Skuad Garuda Muda diarak menggunakan bus atap terbuka mengelilingi beberapa jalan utama di Jakarta. Puluhan ribu suporter setia menyapa bahkan mengawal tim asuhan Indra Sjafri itu, dari Kemenpora hingga Stadion Utama Gelora Bung Karno.
Nyanyian penuh semangat terus dikumandangkan suporter. Bahkan, sempat ada kembang api dan suar yang dinyalakan untuk menyemarakkan suasana pada hari kerja itu.
Orang tua, anak sekolah, ibu-ibu, wanita muda, dan banyak kalangan yang lain hadir memeriahkan acara arak-arakan itu.
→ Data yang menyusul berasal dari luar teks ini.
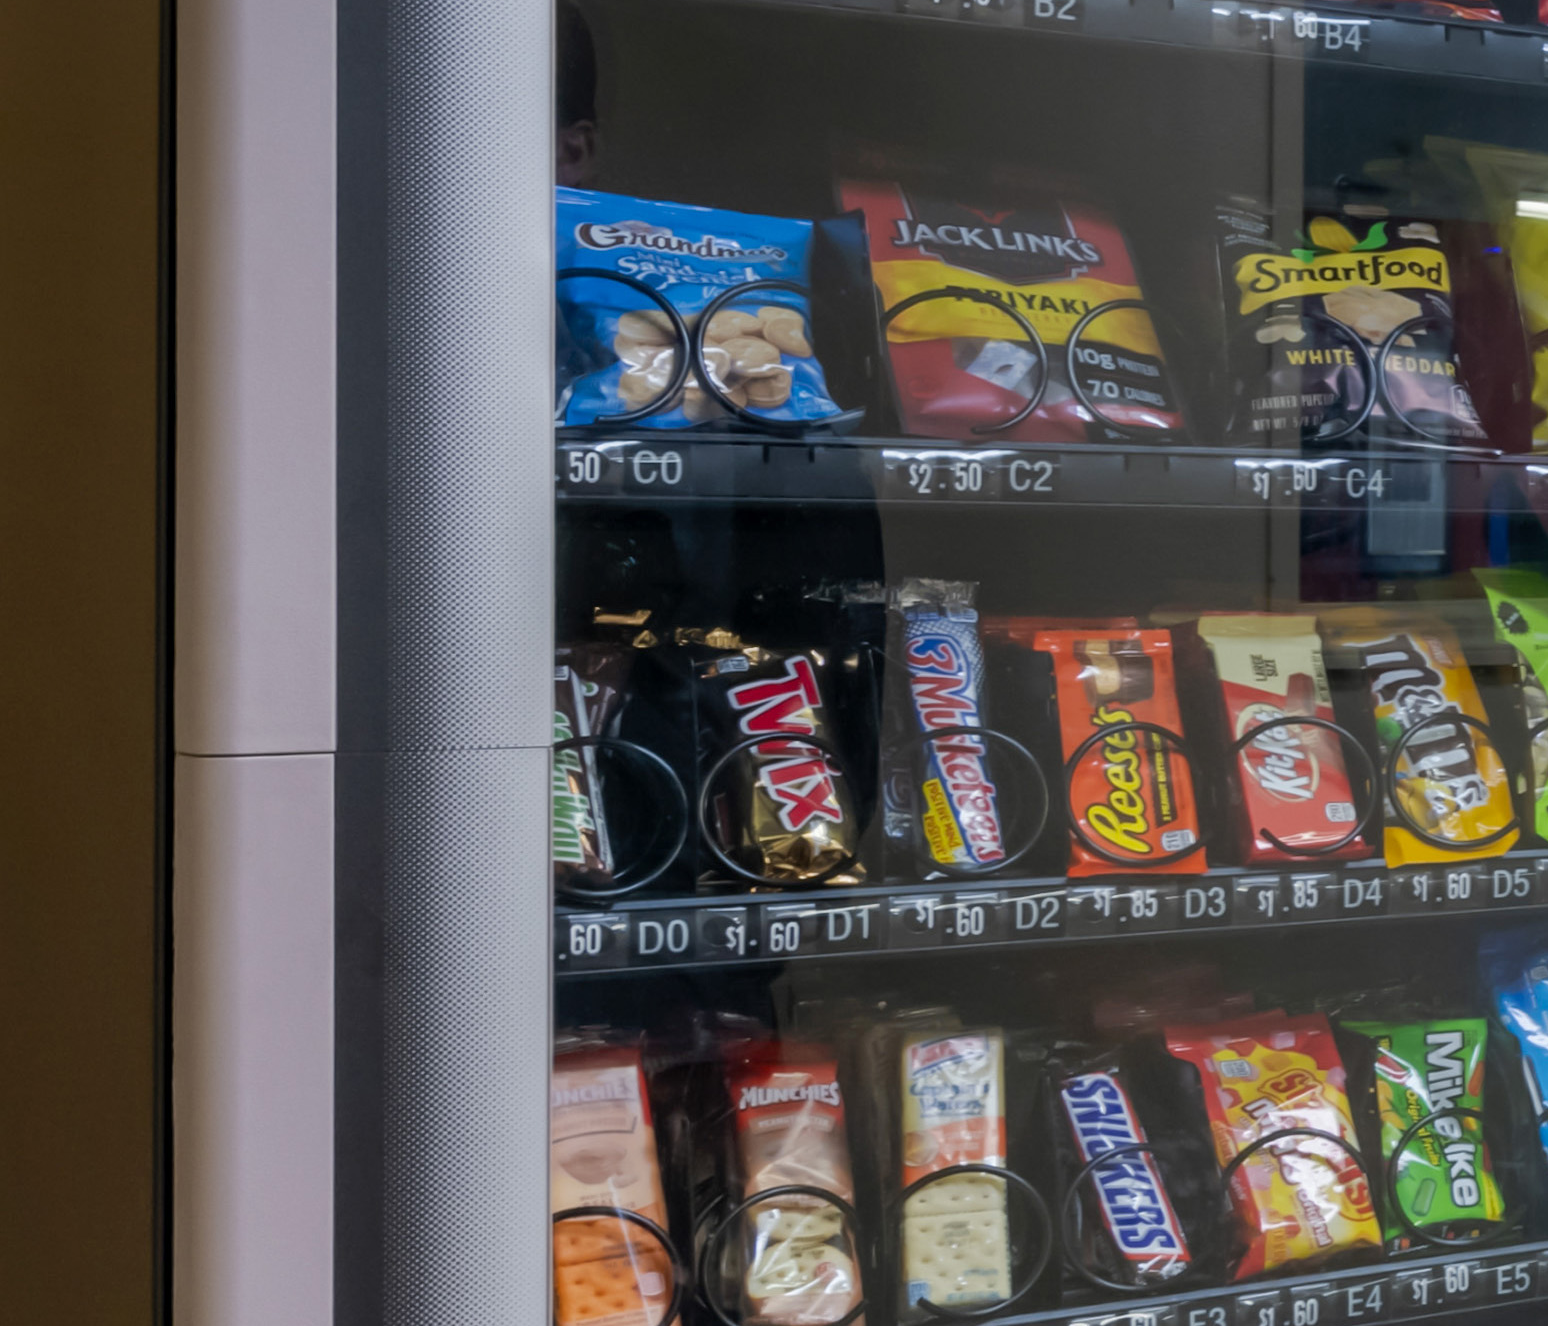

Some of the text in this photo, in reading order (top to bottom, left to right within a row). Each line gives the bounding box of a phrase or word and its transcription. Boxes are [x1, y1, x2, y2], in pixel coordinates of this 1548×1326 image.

[1324, 21, 1362, 52] B4
[576, 221, 790, 263] Grandma's
[894, 219, 1100, 262] JACK LINK'S
[1250, 254, 1443, 293] Smartfood
[1074, 347, 1116, 371] 10g
[1286, 349, 1356, 366] WHITE
[1087, 379, 1119, 399] 70
[1009, 460, 1053, 492] C2
[1346, 468, 1386, 499] C4
[905, 635, 955, 671] 3
[727, 655, 843, 831] TWIX
[1087, 705, 1152, 854] Reese's
[1344, 879, 1383, 908] D4
[1493, 869, 1530, 898] D5
[1016, 897, 1060, 930] D2
[1185, 887, 1227, 918] D3
[828, 908, 870, 941] D1
[738, 1080, 841, 1110] MUNCHIES
[1425, 1030, 1481, 1208] Mike Ike
[1063, 1073, 1178, 1251] SNICKERS
[1497, 1263, 1531, 1295] E5
[1348, 1284, 1384, 1318] E4
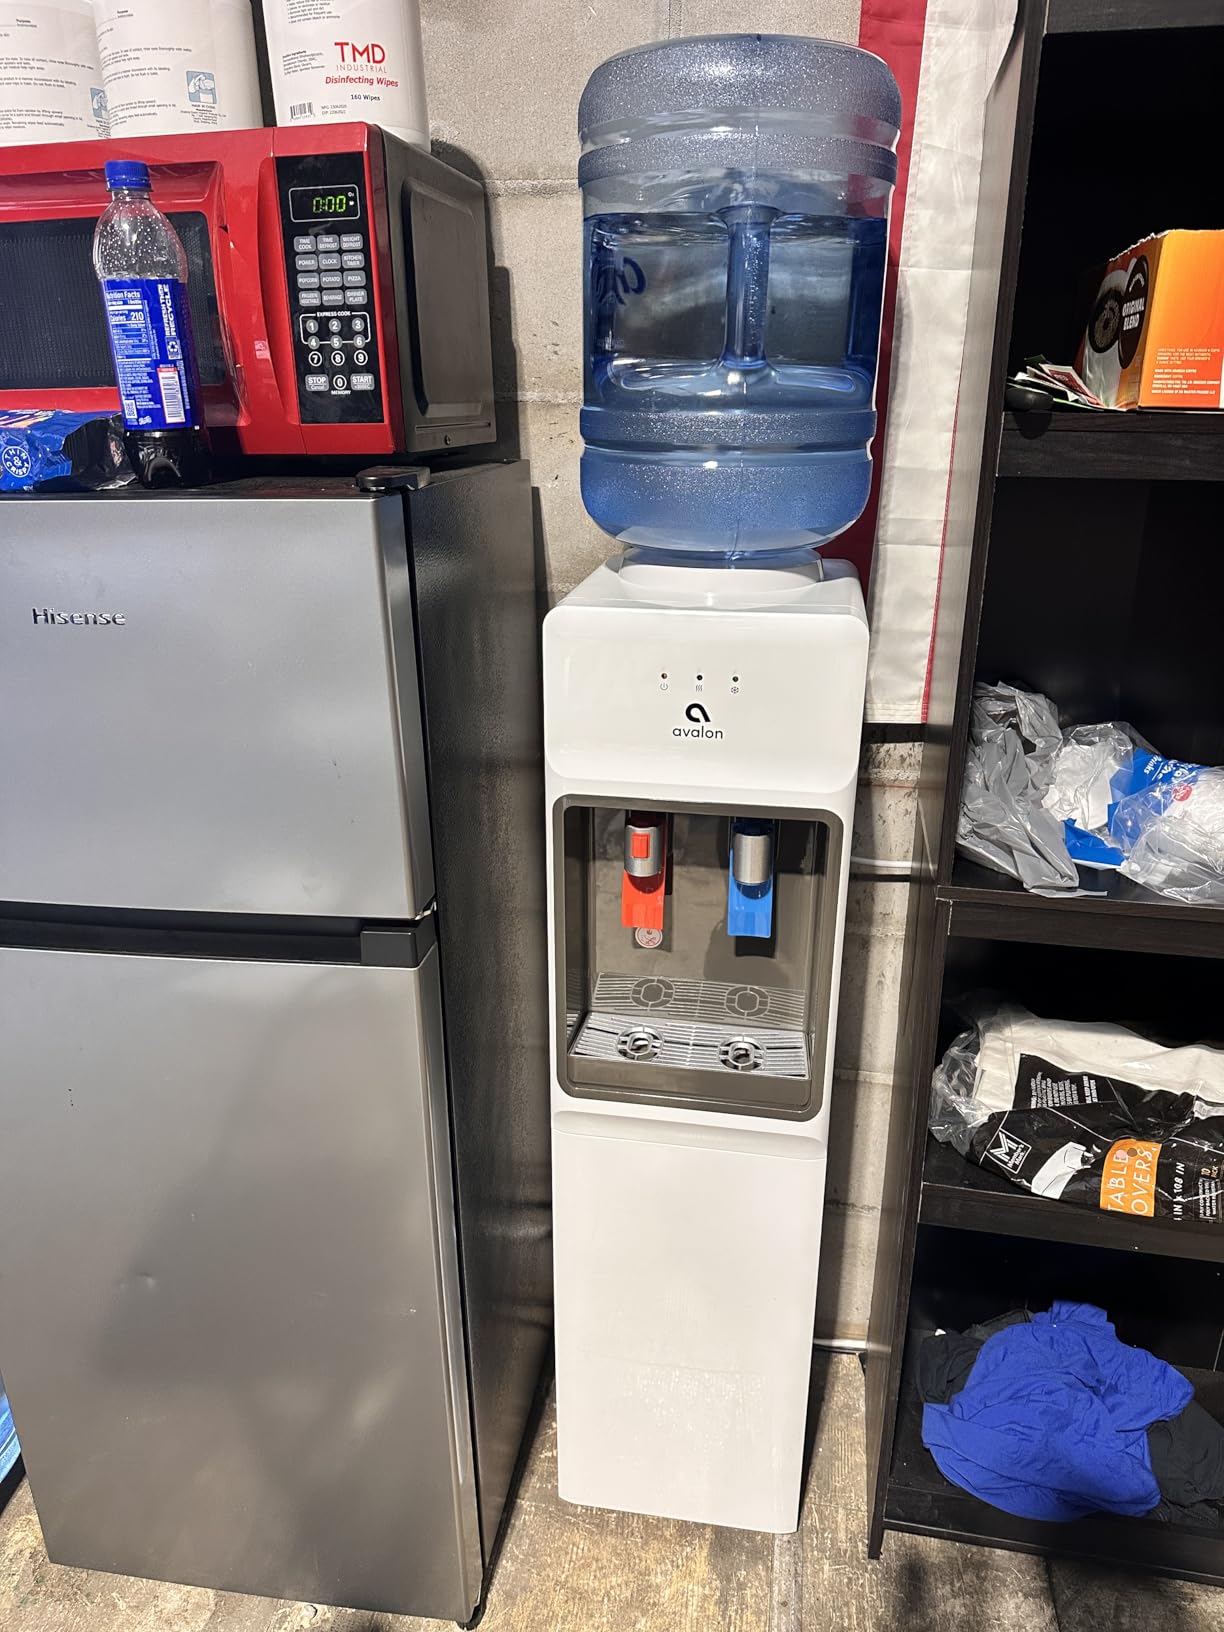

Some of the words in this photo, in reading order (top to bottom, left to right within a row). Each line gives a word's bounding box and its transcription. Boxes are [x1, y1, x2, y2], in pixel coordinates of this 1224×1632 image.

[334, 42, 386, 64] TMD
[336, 64, 387, 73] INDUSTRIAL
[325, 76, 374, 86] Disinfecting
[376, 77, 399, 87] Wipes
[313, 195, 346, 213] 0:00
[1122, 298, 1145, 316] ORIGINAL
[130, 312, 144, 320] 210
[332, 321, 338, 330] 2
[355, 320, 361, 329] 3
[1124, 313, 1140, 330] BLEND
[309, 323, 315, 331] 1
[310, 338, 316, 346] 4
[333, 338, 339, 346] 5
[357, 337, 362, 345] 6
[312, 355, 318, 363] 7
[335, 354, 341, 363] 8
[358, 353, 364, 362] 9
[337, 378, 343, 387] 0
[4, 448, 27, 459] THIN
[14, 456, 22, 466] &
[6, 462, 29, 475] CRISPY
[32, 608, 126, 626] Hisense
[672, 726, 724, 740] avalon
[1007, 1144, 1025, 1169] Member's
[1176, 1162, 1186, 1174] IN
[1200, 1168, 1211, 1176] 10
[1107, 1152, 1129, 1211] TABLE
[1174, 1176, 1184, 1193] 108
[1174, 1202, 1183, 1216] IN
Timbul dalam benak penulis, "bagaimana bisa orang sebanyak ini meninggalkan sementara rutinitas mereka untuk sekedar mengikuti acara arak-arakan."
Bagaimana Jika Piala Dunia?
Perlu diingat, euforia sebesar itu sudah bisa diciptakan ketika Timnas Indonesia U-22 hanya menjadi juara di level kelompok umur pada tunamen regional. Bagaimana jika prestasi lebih tinggi bisa diraih, misalnya bisa lolos ke putaran final Piala Dunia.
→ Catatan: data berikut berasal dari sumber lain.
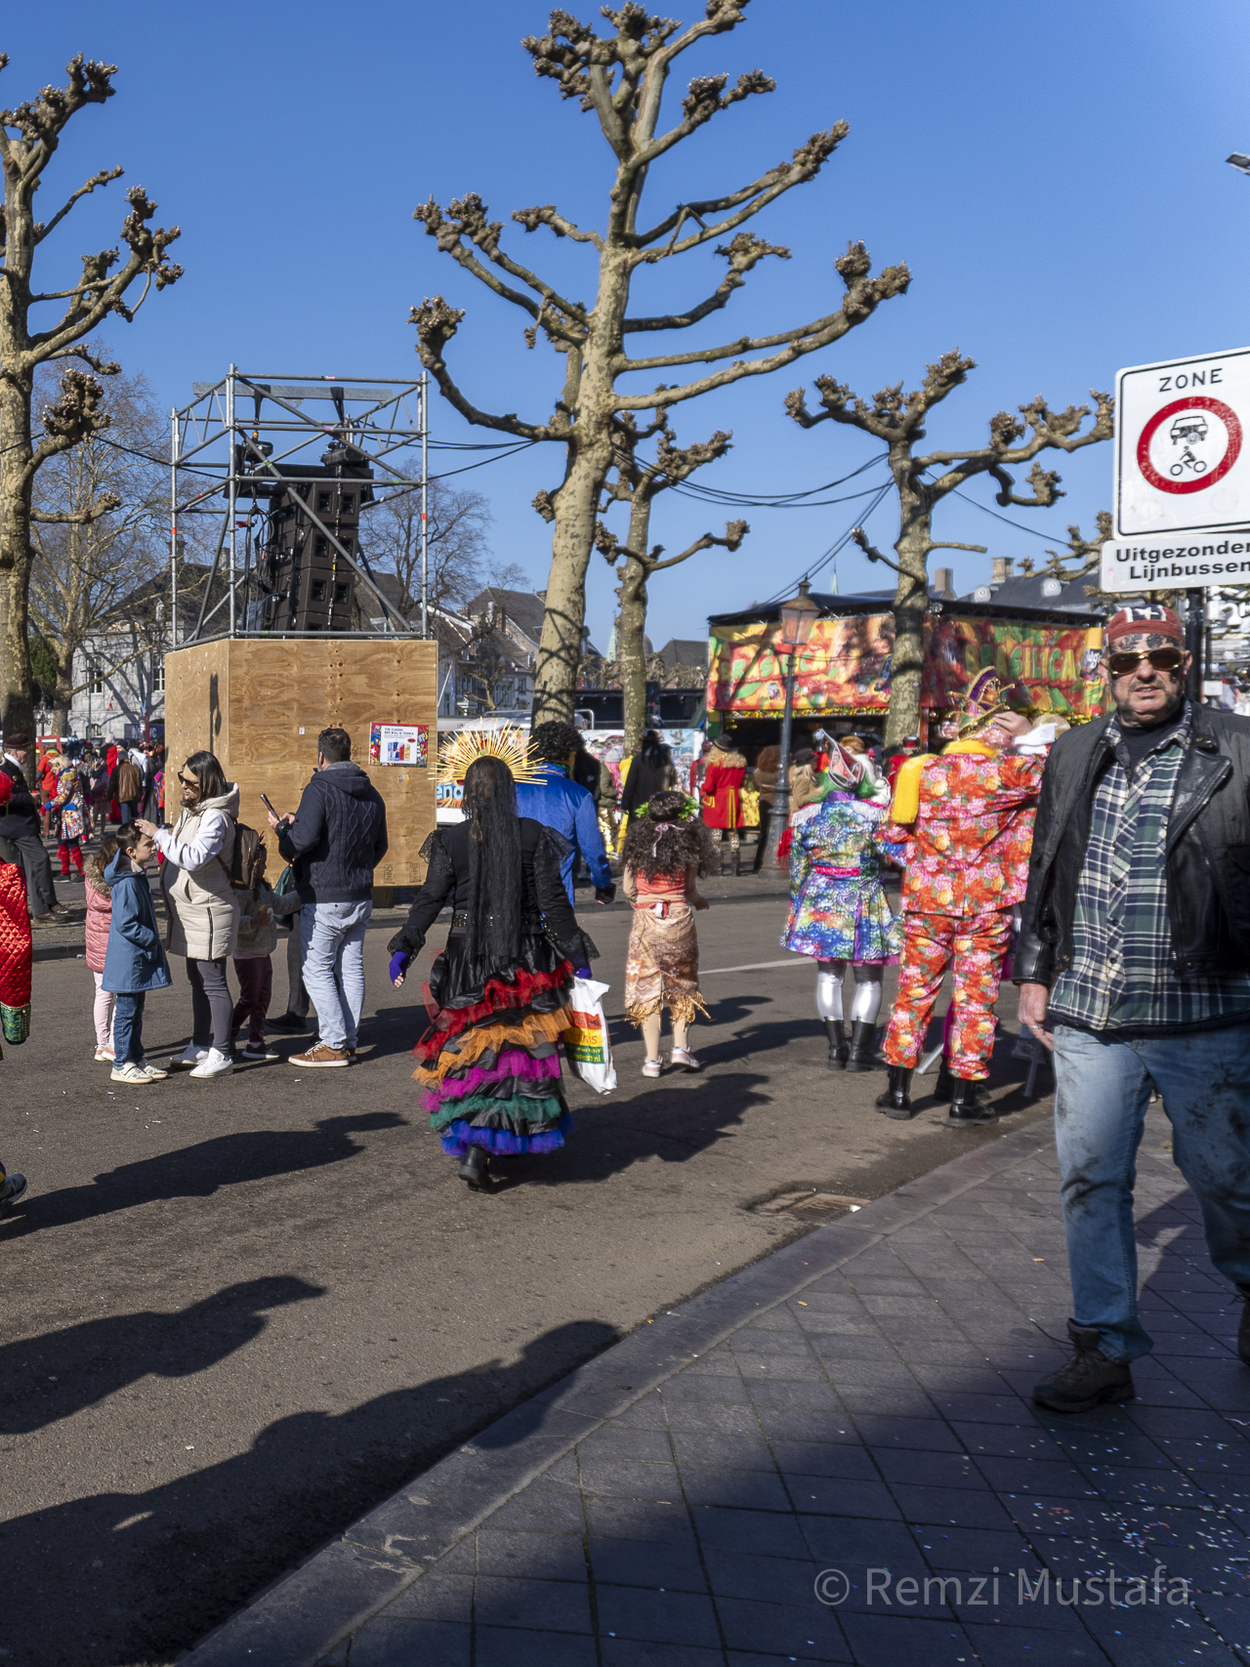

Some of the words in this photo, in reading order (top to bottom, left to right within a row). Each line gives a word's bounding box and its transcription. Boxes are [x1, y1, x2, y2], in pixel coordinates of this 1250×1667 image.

[1158, 367, 1223, 392] ZONE
[1130, 561, 1250, 582] Lijnbussen
[965, 644, 1077, 682] BRASILICA
Meski mungkin tidak akan terjadi dalam waktu dekat, atmoster di seluruh penjuru negeri akan sangat luar biasa jika itu terjadi. Parade mungkin tak akan berhenti seharian.
Lebih ekstrem lagi, mungkin akan ada hari libur khusus pada hari setelah kelolosan Timnas Indonesia ke Piala Dunia itu. Atau jika tidak ada, saya yakin banyak kantor yang akan berinisiatif memberikan libur kepada para karyawannya.
Hal serupa pernah dilakukan negara-negara lain yang sebenarnya sepak bolanya lebih kuat ketimbang Indonesia. Sebut aja apa yang dilakukan Panama ketika memastikan lolos ke putaran final Piala Dunia 2018.
Harus Ada Perubahan
Namun, kejadian-kejadian indah pada paragraf di atas sepertinya hanya akan berakhir menjadi angan-angan saja. Terutama jika tidak ada perubahan masif dalam mengurus sepak bola di negeri ini.
Terutama jika pembinaan masih dianaktirikan. Kompetisi sepak bola yang dikelola dengan amburadul. Kemudian ada aturan yang bisa dilanggar oleh pihak-pihak tertentu.
Isu pengaturan skor tak pernah bisa ditangani. Juga sikap suporter yang terkadang masih bersikap sangat berlebihan ketika tim kesayangannya menuai hasil yang tidak memuaskan.
Mimpi Piala Dunia akan tetap jauh jika hal-hal tersebut tetap terjadi. Kita hanya akan terus bangga dengan penampilan kameo di Piala Dunia 1938, di mana saat itu nama Indonesia masih belum resmi dipakai.